Such rules shall require the board or its designee to issue a credit or other incentive to those generators that do not use a net meter but otherwise generate electricity derived from a Class I renewable energy source and to issue an enhanced credit or other incentive, including, but not limited to, a solar renewable energy credit, to those generators that generate electricity derived from solar technologies.
Such standards or rules shall be effective as regulations immediately upon filing with the Office of Administrative Law and shall be effective for a period not to exceed 18 months, and may, thereafter, be amended, adopted or readopted by the board in accordance with the provisions of the "Administrative Procedure Act."
f. The board may assess, by written order and after notice and opportunity for comment, a separate fee to cover the cost of implementing and overseeing an emission disclosure system or emission portfolio standard, which fee shall be assessed based on an electric power supplier's or basic generation service provider's share of the retail electricity supply market. The board shall not impose a fee for the cost of implementing and overseeing a greenhouse gas emissions portfolio standard adopted pursuant to paragraph (2) of subsection c. of this section [, the electric energy efficiency portfolio standard adopted pursuant to subsection g. of this section, or the gas energy efficiency portfolio standard adopted pursuant to subsection h. of this section].
g.
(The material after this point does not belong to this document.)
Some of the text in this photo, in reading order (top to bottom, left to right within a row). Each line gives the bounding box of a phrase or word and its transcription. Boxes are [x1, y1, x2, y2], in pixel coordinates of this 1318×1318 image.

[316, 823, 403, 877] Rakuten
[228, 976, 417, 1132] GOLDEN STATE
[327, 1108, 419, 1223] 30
The board [may] shall adopt, pursuant to the "Administrative Procedure Act," P.L.1968, c.410 (C.52:14B-1 et seq.), an electric energy efficiency [portfolio standard] program in order to ensure investment in cost-effective energy efficiency measures, ensure universal access to energy efficiency measures, and serve the needs of low-income communities that [may] shall require each electric public utility to implement energy efficiency measures that reduce electricity usage in the State [by 2020 to a level that is 20 percent below the usage projected by the board in the absence of such a standard] pursuant to section 3 of P.L. , c. (C. ) (pending before the Legislature as this bill). Nothing in this [section] subsection shall be construed to prevent an electric public utility from meeting the requirements of this [section] subsection by contracting with another entity for the performance of the requirements.
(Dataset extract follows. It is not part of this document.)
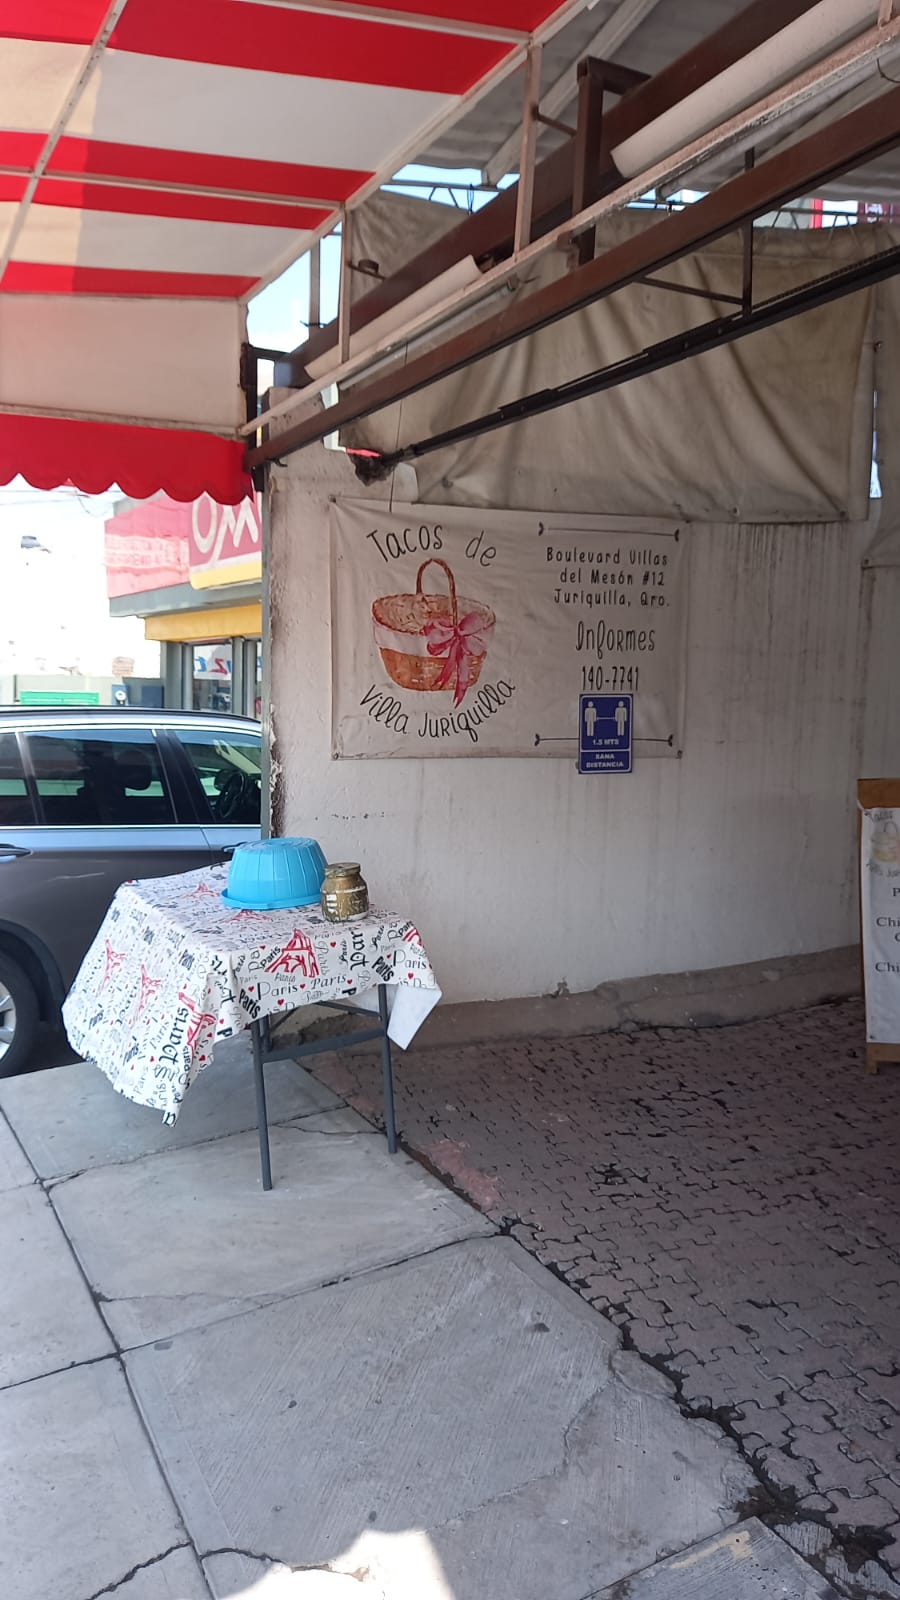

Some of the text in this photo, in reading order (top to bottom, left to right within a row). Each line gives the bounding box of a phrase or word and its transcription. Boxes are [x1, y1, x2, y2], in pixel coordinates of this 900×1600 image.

h. The board [may] shall adopt, pursuant to the "Administrative Procedure Act," P.L.1968, c.410 (C.52:14B-1 et seq.), a gas energy efficiency [portfolio standard] program in order to ensure investment in cost-effective energy efficiency measures, ensure universal access to energy efficiency measures, and serve the needs of low-income communities that [may] shall require each gas public utility to implement energy efficiency measures that reduce natural gas usage [for heating] in the State [by 2020 to a level that is 20 percent below the usage projected by the board in the absence of such a standard] pursuant to section 3 of P.L. , c. (C. ) (pending before the Legislature as this bill). Nothing in this [section] subsection shall be construed to prevent a gas public utility from meeting the requirements of this [section] subsection by contracting with another entity for the performance of the requirements.
i. After the board establishes a schedule of solar kilowatt-hour sale or purchase requirements pursuant to paragraph (3) of subsection d. of this section, the board may initiate subsequent proceedings and adopt, after appropriate notice and opportunity for public comment and public hearing, increased minimum solar kilowatt-hour sale or purchase requirements, provided that the board shall not reduce previously established minimum solar kilowatt-hour sale or purchase requirements, or otherwise impose constraints that reduce the requirements by any means.
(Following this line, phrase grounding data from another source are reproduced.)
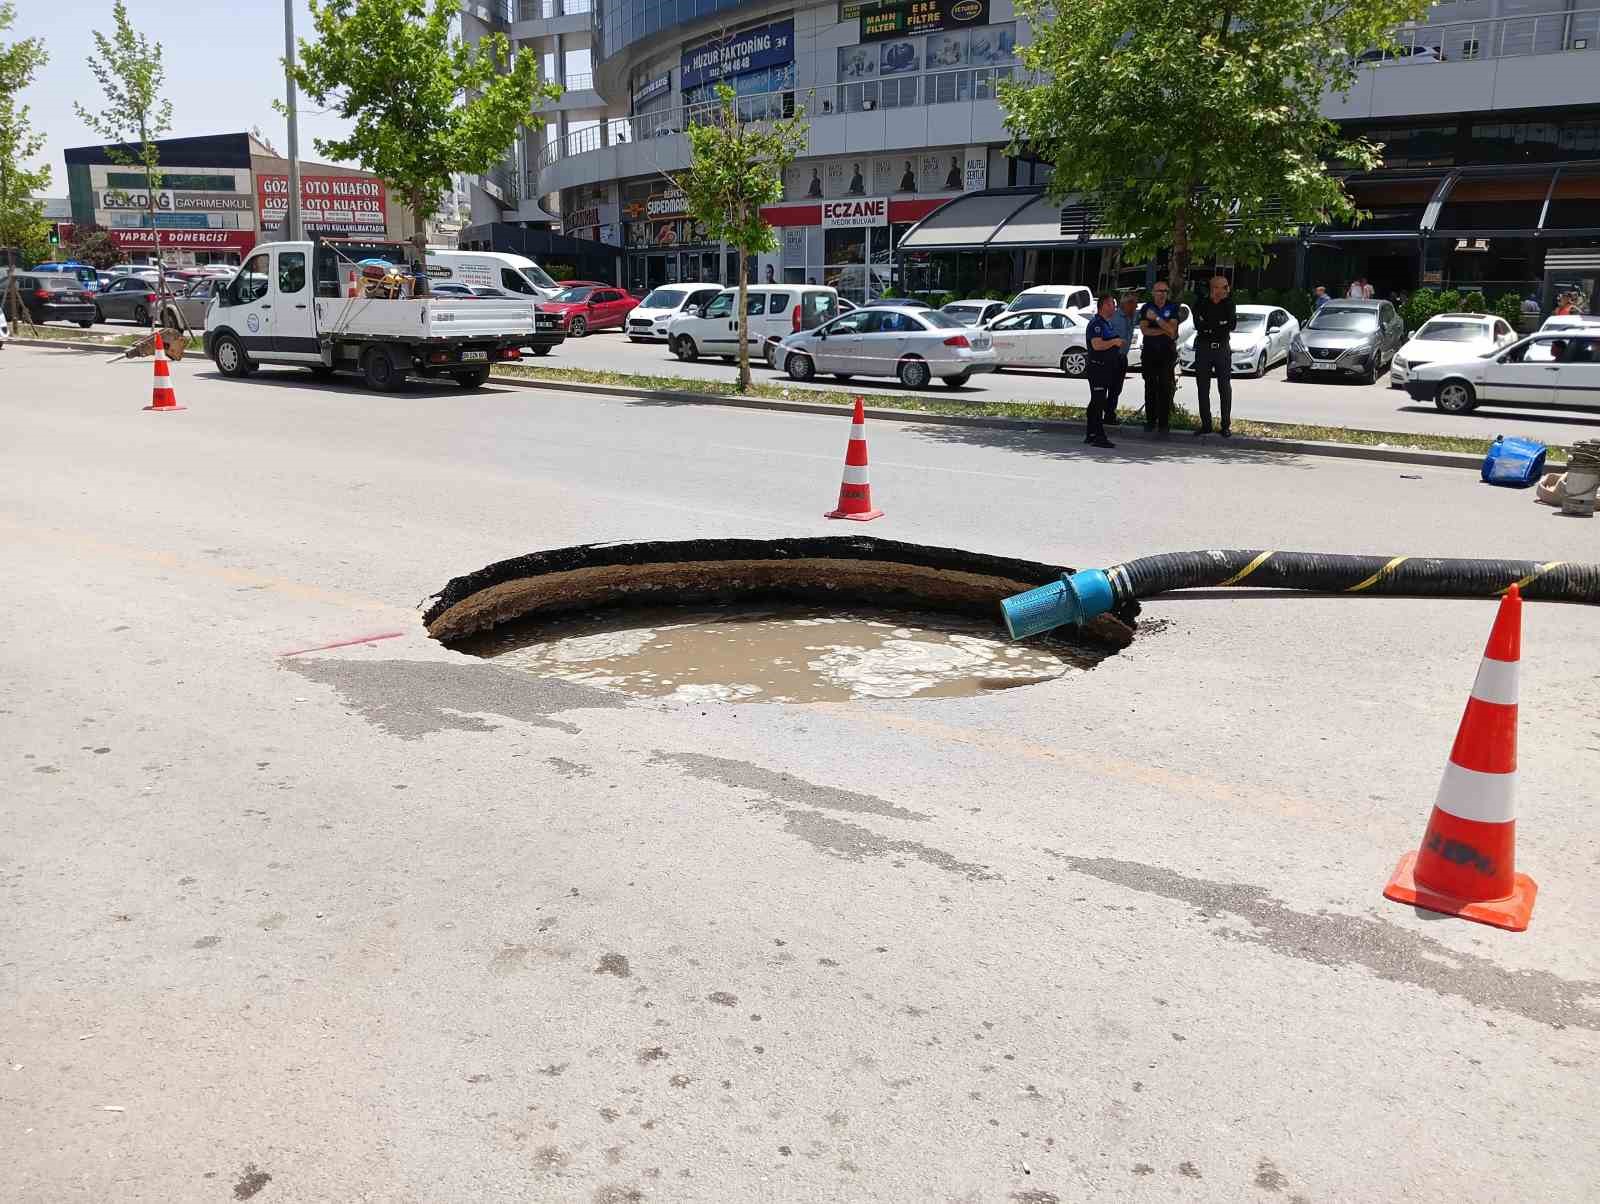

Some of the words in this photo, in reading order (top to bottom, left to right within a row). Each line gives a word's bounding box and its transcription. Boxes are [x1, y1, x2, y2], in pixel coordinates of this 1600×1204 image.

[912, 1, 936, 12] ERE
[866, 12, 896, 25] MANN
[866, 22, 896, 34] FILTER
[720, 35, 771, 61] FAKTORİNG
[305, 181, 329, 194] OTO
[332, 179, 379, 196] KUAFÖR
[306, 199, 330, 210] OTO
[333, 198, 380, 211] KUAFÖR
[824, 200, 884, 218] ECZANE
[168, 230, 228, 242] DÖNERCİSİ
j. The board shall determine an appropriate level of solar alternative compliance payment, and permit each supplier or provider to submit an SACP to comply with the solar electric generation requirements of paragraph (3) of subsection d. of this section. The value of the SACP for each Energy Year, for Energy Years 2014 through [2028] 2033 per megawatt hour from solar electric generation required pursuant to this section, shall be:
EY 2014 $339
EY 2015 $331
EY 2016 $323
EY 2017 $315
EY 2018 $308
EY 2019 [$300] $268
EY 2020 [$293] $258
EY 2021 [$286] $248
EY 2022 [$279] $238
EY 2023 [$272] $228
EY 2024 [$266] $218
EY 2025 [$260] $208
EY 2026 [$253] $198
EY 2027 [$250] $188
EY 2028 [$239] $178
EY 2029 $168
EY 2030 $158
EY 2031 $148
EY 2032 $138
EY 2033 $128.
The board may initiate subsequent proceedings and adopt, after appropriate notice and opportunity for public comment and public hearing, an increase in solar alternative compliance payments, provided that the board shall not reduce previously established levels of solar alternative compliance payments, nor shall the board provide relief from the obligation of payment of the SACP by the electric power suppliers or basic generation service providers in any form. Any SACP payments collected shall be refunded directly to the ratepayers by the electric public utilities.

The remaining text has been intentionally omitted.